--- Information supplied ---

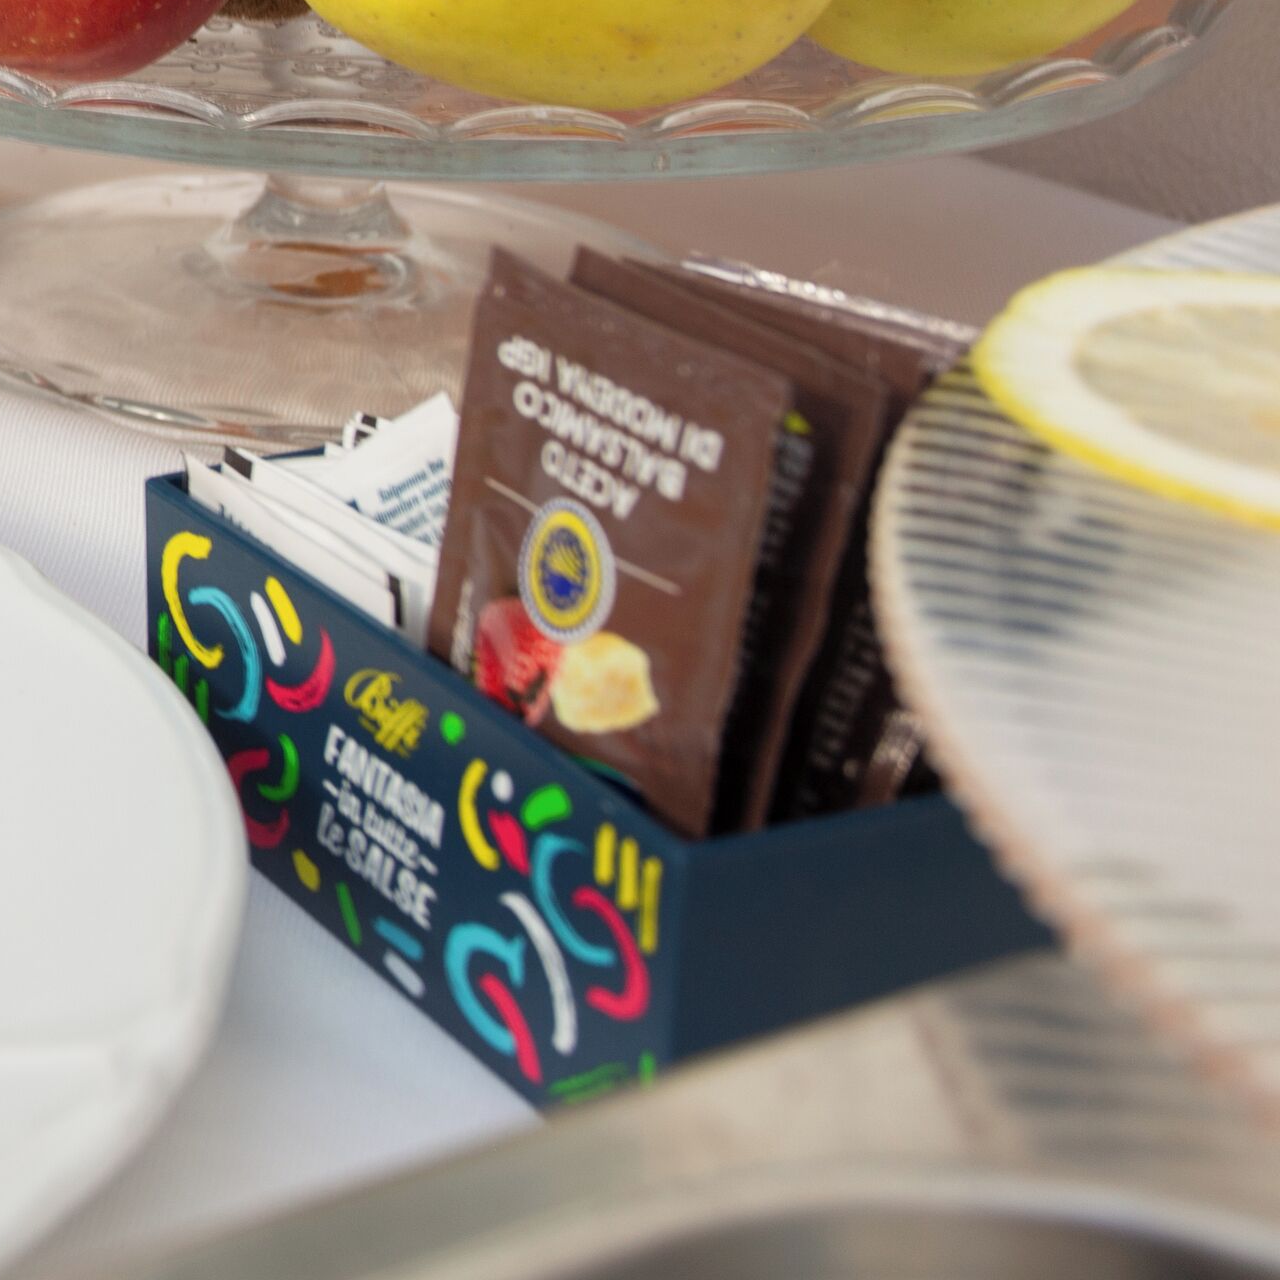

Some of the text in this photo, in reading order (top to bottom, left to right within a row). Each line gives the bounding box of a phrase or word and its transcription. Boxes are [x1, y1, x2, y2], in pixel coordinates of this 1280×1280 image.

[512, 380, 688, 503] BALSAMICO
[555, 353, 684, 454] MODENA
[541, 438, 640, 521] ACETO
[323, 723, 445, 850] FANTASIA
[344, 827, 438, 932] SALSE
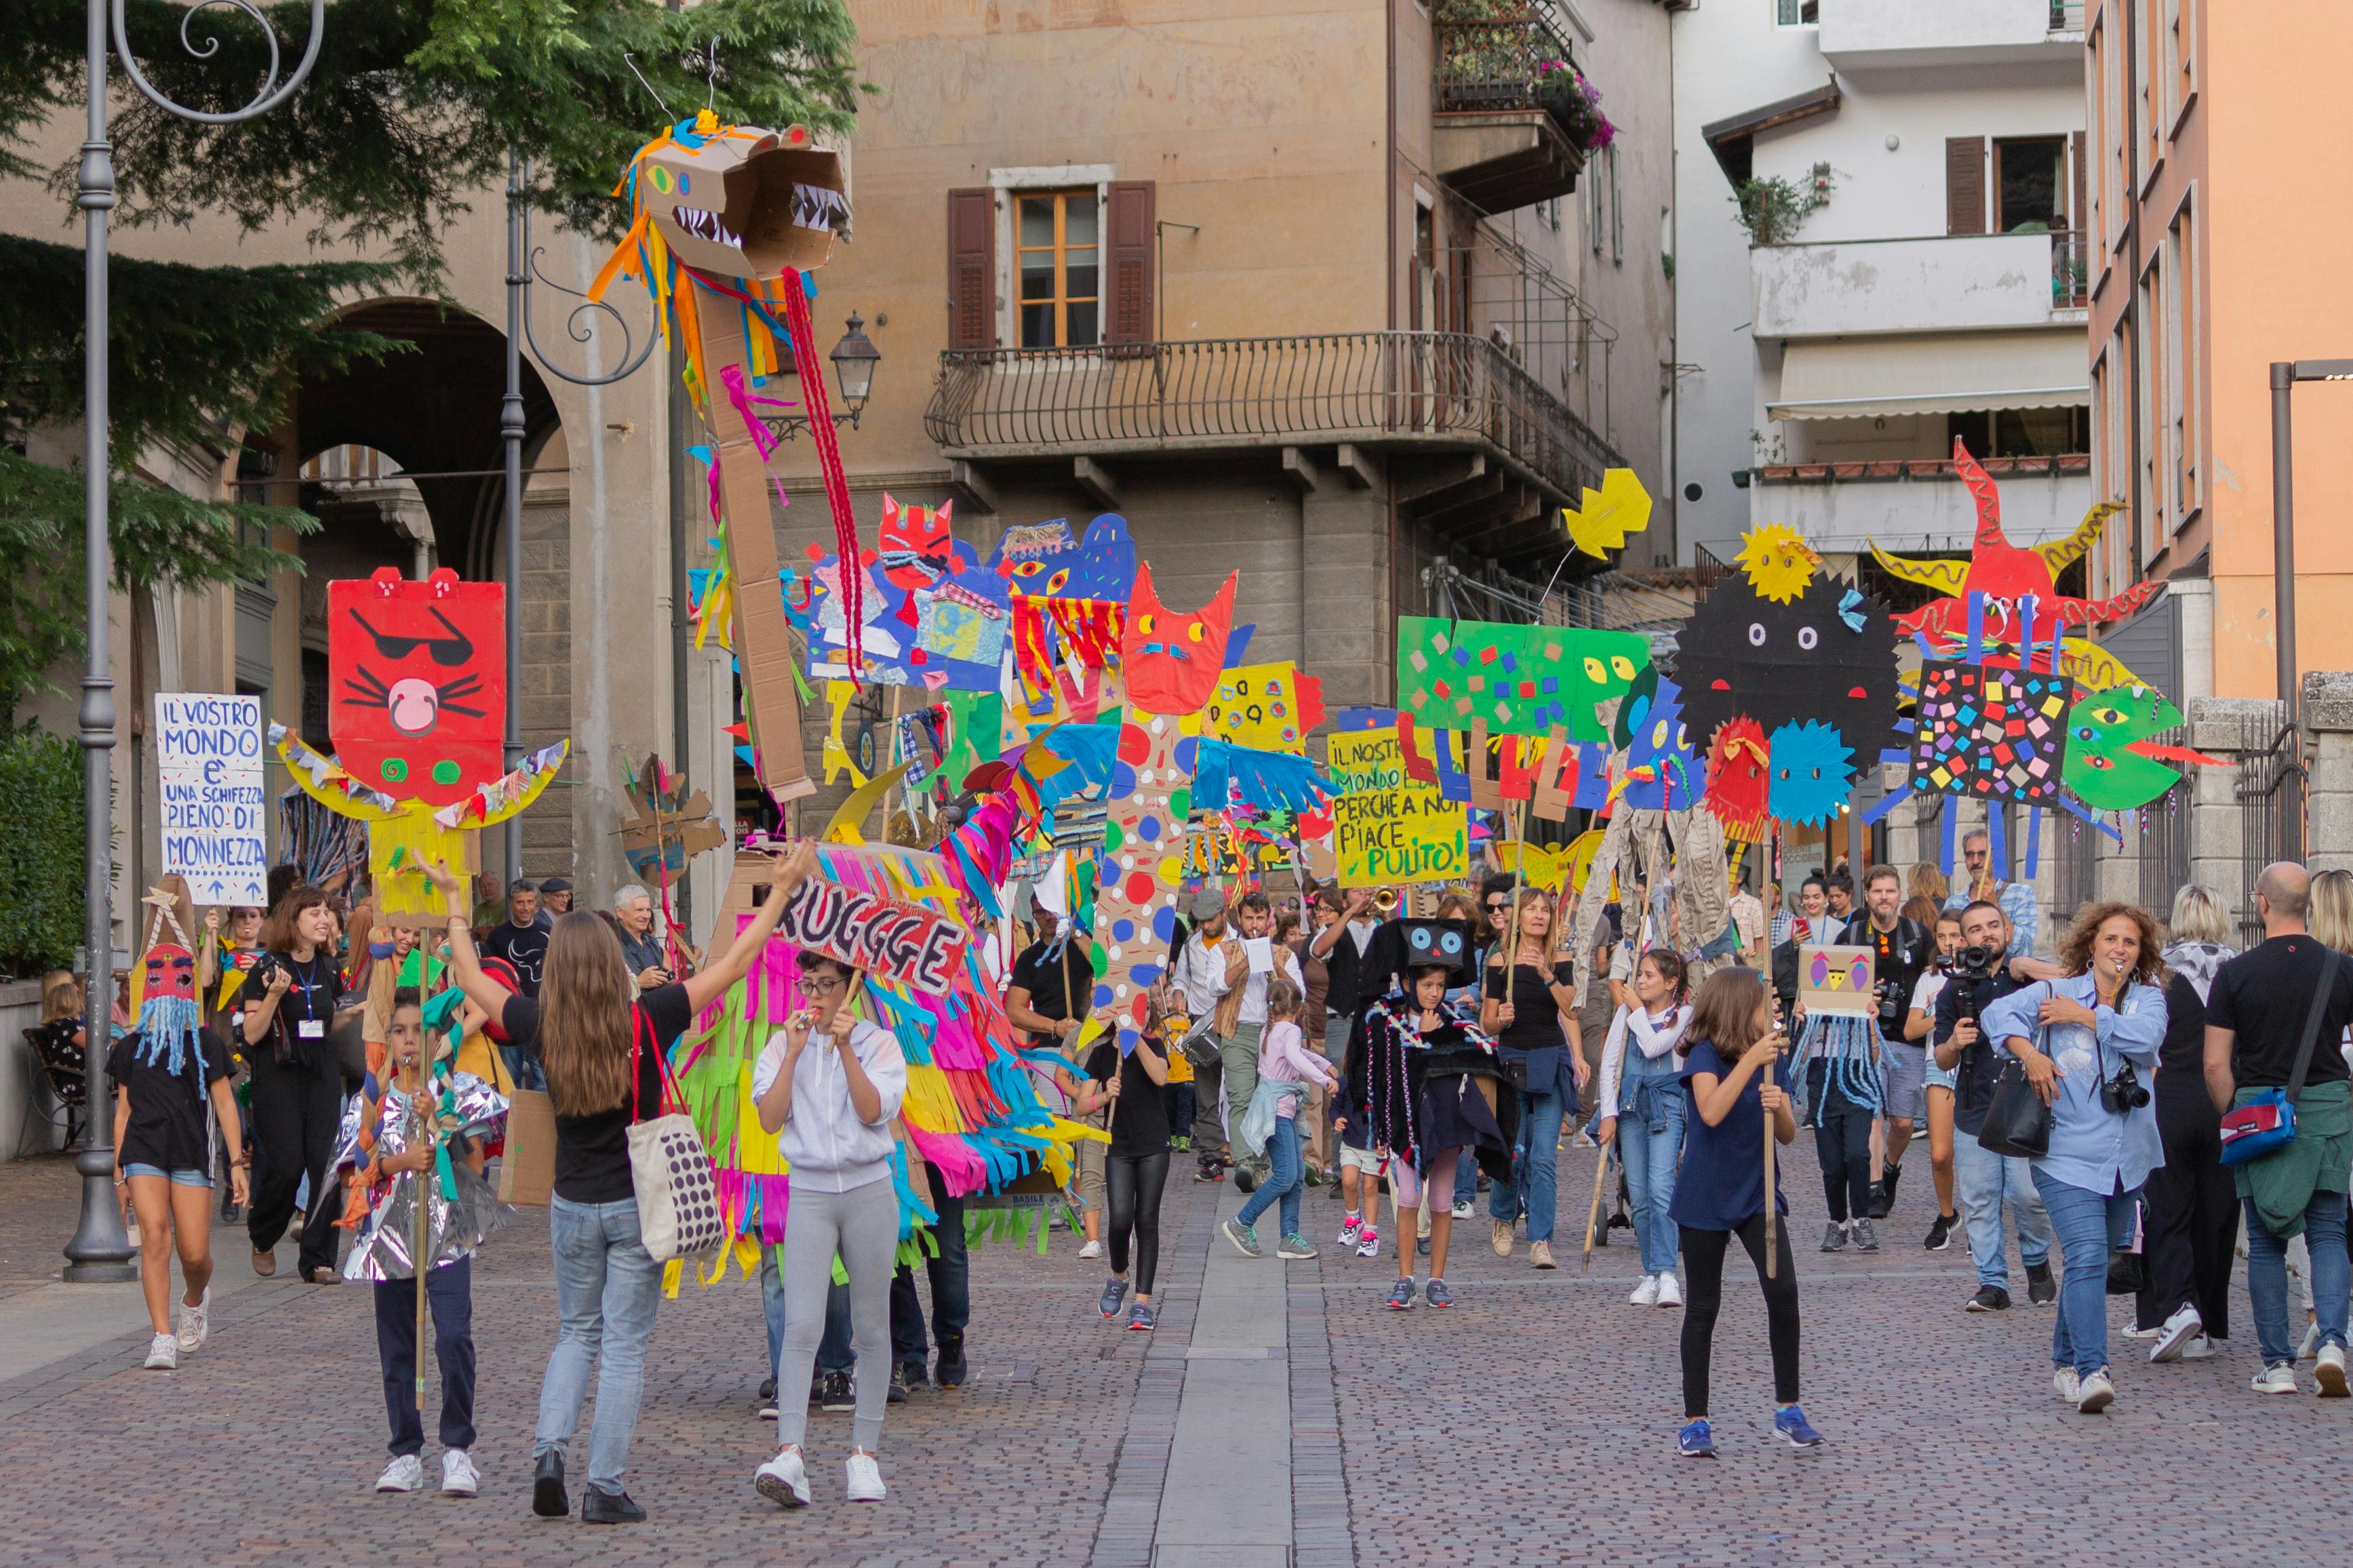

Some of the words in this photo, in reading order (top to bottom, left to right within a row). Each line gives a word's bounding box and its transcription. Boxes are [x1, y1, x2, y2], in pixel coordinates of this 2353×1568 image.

[163, 702, 179, 724] IL
[183, 700, 258, 727] VOSTRO
[165, 728, 258, 757] MONDO
[1336, 768, 1400, 792] MONDO
[166, 784, 198, 801] UNA
[203, 786, 264, 805] SCHIFEZZA
[1334, 789, 1398, 822] PERCHÉ
[1402, 795, 1417, 815] A
[168, 804, 224, 828] PIENO
[234, 807, 254, 829] DI
[167, 835, 266, 868] MONNEZZA
[1783, 852, 1823, 864] OCCIDENTE
[1013, 1194, 1045, 1203] BASILE

---

> [What you need to do]:
The entries above are to be retyped exactly, with each picture left out.

> [Finished task]:
Some of the text in this photo, in reading order (top to bottom, left to right within a row). Each line gives the bounding box of a phrase or word and its transcription. Boxes are [x1, y1, x2, y2], in pixel coordinates of this 1280×1280 image.

[512, 380, 688, 503] BALSAMICO
[555, 353, 684, 454] MODENA
[541, 438, 640, 521] ACETO
[323, 723, 445, 850] FANTASIA
[344, 827, 438, 932] SALSE

Some of the words in this photo, in reading order (top to bottom, left to right within a row). Each line gives a word's bounding box and its transcription. Boxes are [x1, y1, x2, y2], in pixel coordinates of this 2353×1568 image.

[163, 702, 179, 724] IL
[183, 700, 258, 727] VOSTRO
[165, 728, 258, 757] MONDO
[1336, 768, 1400, 792] MONDO
[166, 784, 198, 801] UNA
[203, 786, 264, 805] SCHIFEZZA
[1334, 789, 1398, 822] PERCHÉ
[1402, 795, 1417, 815] A
[168, 804, 224, 828] PIENO
[234, 807, 254, 829] DI
[167, 835, 266, 868] MONNEZZA
[1783, 852, 1823, 864] OCCIDENTE
[1013, 1194, 1045, 1203] BASILE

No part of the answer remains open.